Material provided –
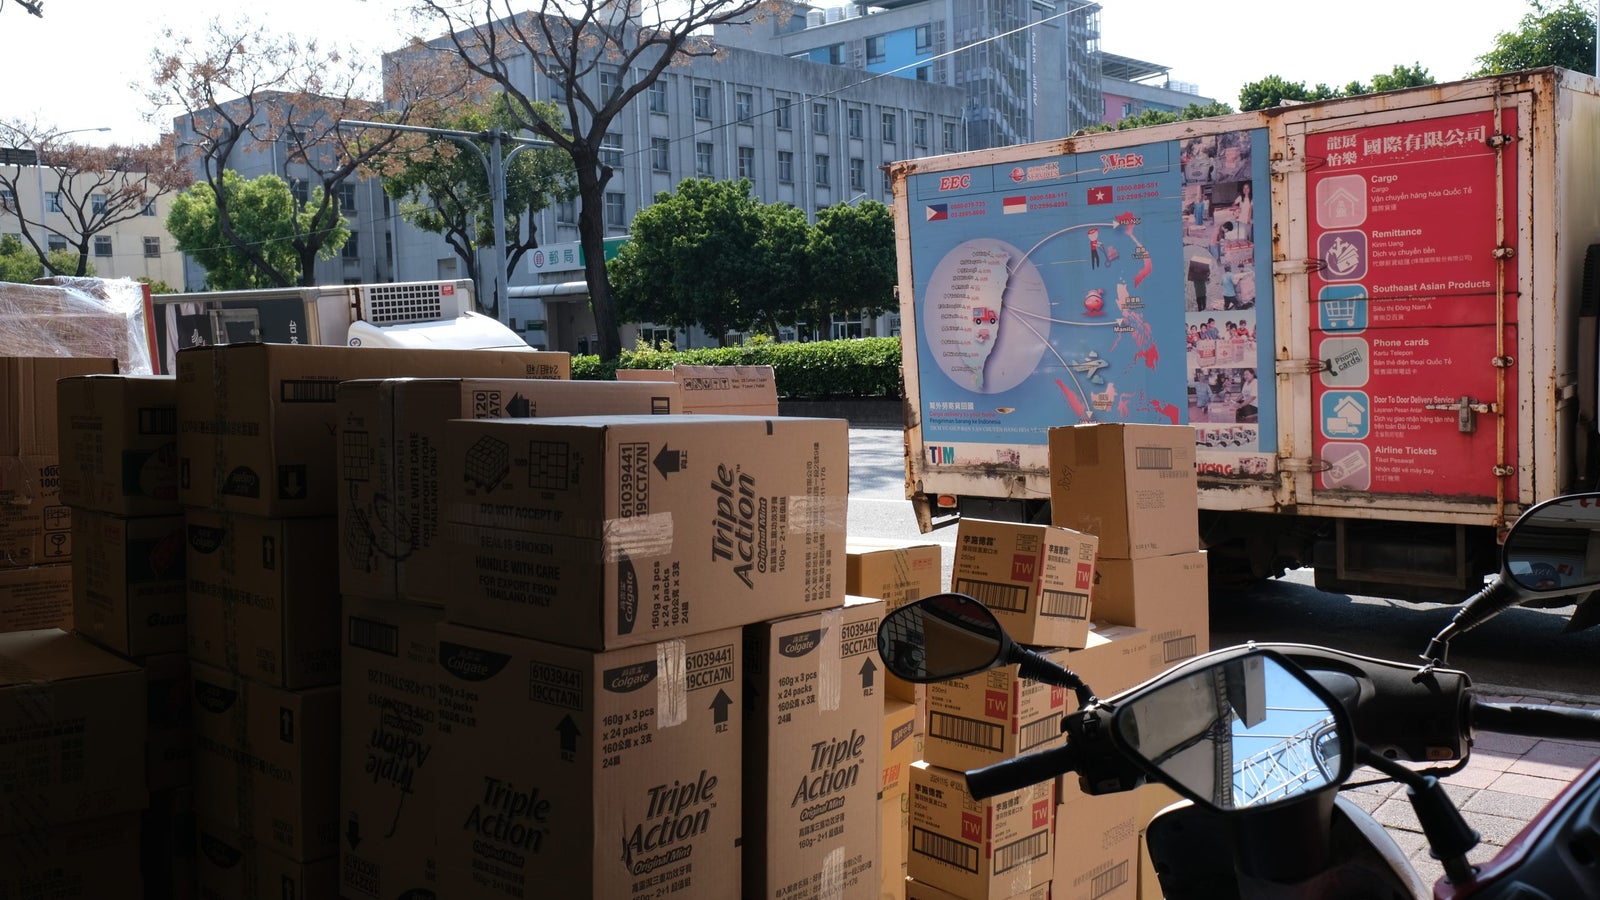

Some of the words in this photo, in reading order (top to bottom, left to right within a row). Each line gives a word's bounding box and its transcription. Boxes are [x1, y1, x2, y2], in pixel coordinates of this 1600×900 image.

[1363, 124, 1487, 157] 國際有限公司
[938, 173, 971, 192] EEC
[1371, 173, 1399, 184] Cargo
[1371, 185, 1390, 194] Cargo
[1372, 227, 1423, 238] Remittance
[549, 249, 574, 266] 郵局
[1372, 283, 1418, 294] Southeast
[1419, 281, 1446, 292] Asian
[1447, 279, 1491, 290] Products
[1113, 326, 1135, 334] Manila
[1373, 338, 1401, 347] Phone
[1404, 337, 1430, 347] cards
[1335, 349, 1358, 366] Phone
[1338, 355, 1361, 373] cards
[1390, 349, 1414, 358] Telepon
[1374, 395, 1388, 404] Door
[1388, 395, 1396, 404] To
[1396, 395, 1410, 404] Door
[1410, 395, 1433, 405] Delivery
[1434, 395, 1455, 404] Service
[410, 431, 420, 465] CARE
[422, 436, 431, 471] FROM
[1374, 446, 1403, 455] Airline
[1405, 446, 1437, 456] Tickets
[430, 446, 438, 478] ONLY
[410, 466, 420, 499] WITH
[621, 446, 633, 519] 61039441
[636, 446, 648, 518] 19CCTA7N
[422, 474, 431, 523] EXPORT
[431, 478, 439, 538] THAILAND
[481, 502, 492, 514] DO
[495, 503, 514, 517] NOT
[515, 506, 551, 521] ACCEPT
[553, 510, 564, 522] IF
[711, 463, 738, 563] Triple
[758, 496, 768, 526] Mint
[410, 501, 420, 551] HANDLE
[733, 472, 756, 590] Action
[480, 535, 502, 548] SEAL
[515, 540, 554, 555] BROKEN
[758, 527, 768, 574] Original
[475, 556, 510, 573] HANDLE
[511, 560, 534, 576] WITH
[536, 564, 561, 580] CARE
[654, 561, 662, 582] pcs
[1015, 562, 1033, 575] TW
[1078, 571, 1090, 583] TW
[479, 575, 495, 586] FOR
[497, 577, 531, 592] EXPORT
[533, 582, 558, 596] FROM
[661, 568, 671, 603] packs
[486, 587, 526, 604] THAILAND
[528, 594, 551, 608] ONLY
[624, 571, 634, 623] Colgate
[651, 604, 662, 630] 160g
[662, 605, 670, 619] 24
[841, 623, 878, 641] 61039441
[785, 639, 814, 654] Colgate
[841, 637, 878, 658] 19CCTA7N
[447, 656, 489, 676] Colgate
[686, 648, 732, 671] 61039441
[532, 664, 581, 689] 61039441
[611, 673, 650, 688] Colgate
[686, 668, 732, 690] 19CCTA7N
[778, 675, 794, 688] 160g
[800, 673, 805, 682] 3
[805, 671, 817, 683] pcs
[532, 684, 581, 709] 19CCTA7N
[783, 688, 792, 698] 24
[792, 684, 813, 698] packs
[932, 686, 947, 694] 250ml
[1052, 688, 1063, 700] TW
[987, 698, 1007, 711] TW
[602, 713, 623, 728] 160g
[632, 710, 638, 721] 3
[639, 707, 654, 722] pcs
[609, 728, 621, 740] 24
[622, 721, 648, 738] packs
[810, 728, 865, 773] Triple
[791, 761, 859, 808] Action
[484, 775, 551, 824] Triple
[646, 769, 718, 822] Triple
[800, 802, 829, 822] Original
[827, 795, 846, 813] Mint
[914, 803, 928, 811] 250ml
[1034, 807, 1048, 819] TW
[463, 803, 543, 856] Action
[627, 804, 710, 856] Action
[964, 820, 980, 835] TW
[633, 853, 672, 876] Original
[671, 843, 693, 864] Mint
[656, 884, 670, 898] 2+1

What you will do – Copy out the lines of the records above in which the string "Door" appears.

Exercise answer –
[1374, 395, 1388, 404] Door
[1396, 395, 1410, 404] Door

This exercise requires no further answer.